Grays Harbor/Pacific to see approximately $7.5 million from opioid settlement

The Washington Attorney General’s Office announced that more than $60 million to combat the fentanyl epidemic will soon be coming to Washington. 

These resources are a result of the investigation into Walmart for its role fueling the opioid epidemic as a pharmacy. All eligible local governments signed onto the Attorney General’s $62.6 million resolution. 

The resources will be split equally between the state and local jurisdictions.

Locally, this will include nearly $5.4 million for Grays Harbor, with $4.3 million going to the County, and just over $1 million for Aberdeen alone.

Pacific will see $2.1 million coming to the county.

This resolution is part of the $1.1 billion the Attorney General’s Office has recovered from 11 companies that were alleged to have played a role in fueling the opioid epidemic. 

Under the terms of the legally binding resolution, these funds must be used to combat the opioid epidemic, including fentanyl. 

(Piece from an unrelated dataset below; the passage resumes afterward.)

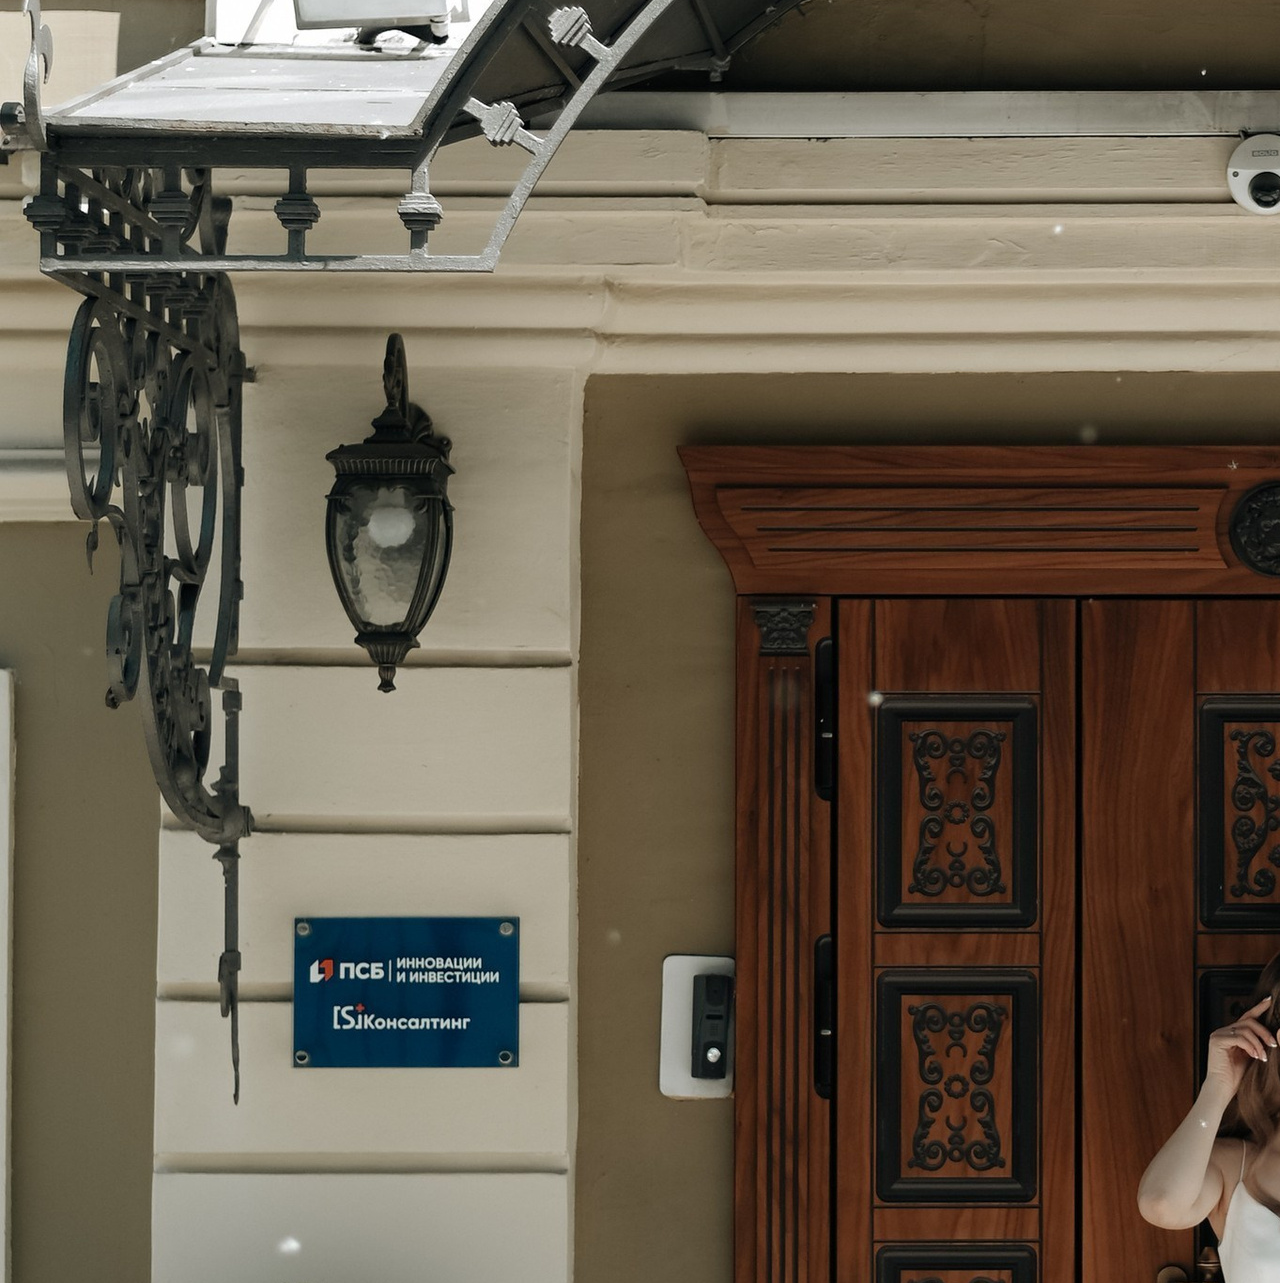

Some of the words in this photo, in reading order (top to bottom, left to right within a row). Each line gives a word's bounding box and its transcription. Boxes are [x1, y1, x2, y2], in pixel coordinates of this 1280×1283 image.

[339, 962, 385, 980] ПСБ
[396, 957, 482, 971] ИННОВАЦИИ
[396, 971, 406, 983] И
[409, 971, 500, 984] ИНВЕСТИЦИИ

Washingtonians can use this chart to see what their local government will receive to combat the opioid epidemic. The chart includes the additional Walmart funding, 97% of which it will pay in the next few months. 

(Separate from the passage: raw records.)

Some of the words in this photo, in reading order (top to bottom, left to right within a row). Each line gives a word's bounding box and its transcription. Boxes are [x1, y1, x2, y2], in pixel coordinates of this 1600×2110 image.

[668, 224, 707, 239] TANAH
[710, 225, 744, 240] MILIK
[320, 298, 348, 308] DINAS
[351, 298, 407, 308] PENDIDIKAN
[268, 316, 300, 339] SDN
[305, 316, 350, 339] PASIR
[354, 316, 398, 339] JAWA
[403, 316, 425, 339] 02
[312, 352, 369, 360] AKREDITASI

The Legislature determines how to spend the state’s allocation of these resources.

The Attorney General’s Office has upcoming trials against one opioid manufacturer and multiple pharmacies that also played a role in the epidemic.

“This is real money that funds real resources that will save lives,” AG Bob Ferguson said. “But I am not done here. My office still litigates active cases, which we will use to hold all companies that fueled the opioid epidemic accountable. My team is working to bring even more money and resources back to affected Washington communities.”

Since all of the eligible local governments signed onto the resolution with Walmart, Washington is guaranteed the maximum amount of $62.6 million. 

The local governments are dividing their share of the proceeds using the same formula as the earlier opioid distributor resolution.

Half of the money from the Walmart resolution will be paid to eligible Washington cities and counties, with the first payment to be made in the next few months. The remainder of the money goes to the state. All of this money must be used to fund opioid remediation.

A full, updated list of what counties and cities will receive from all the finalized resolutions so far is available. 

As part of its resolution, Walmart will tightly monitor opioid prescriptions and prevent patients from seeking multiple prescriptions.

Washington state’s money comes from an overall $3.1 billion multistate resolution with Walmart.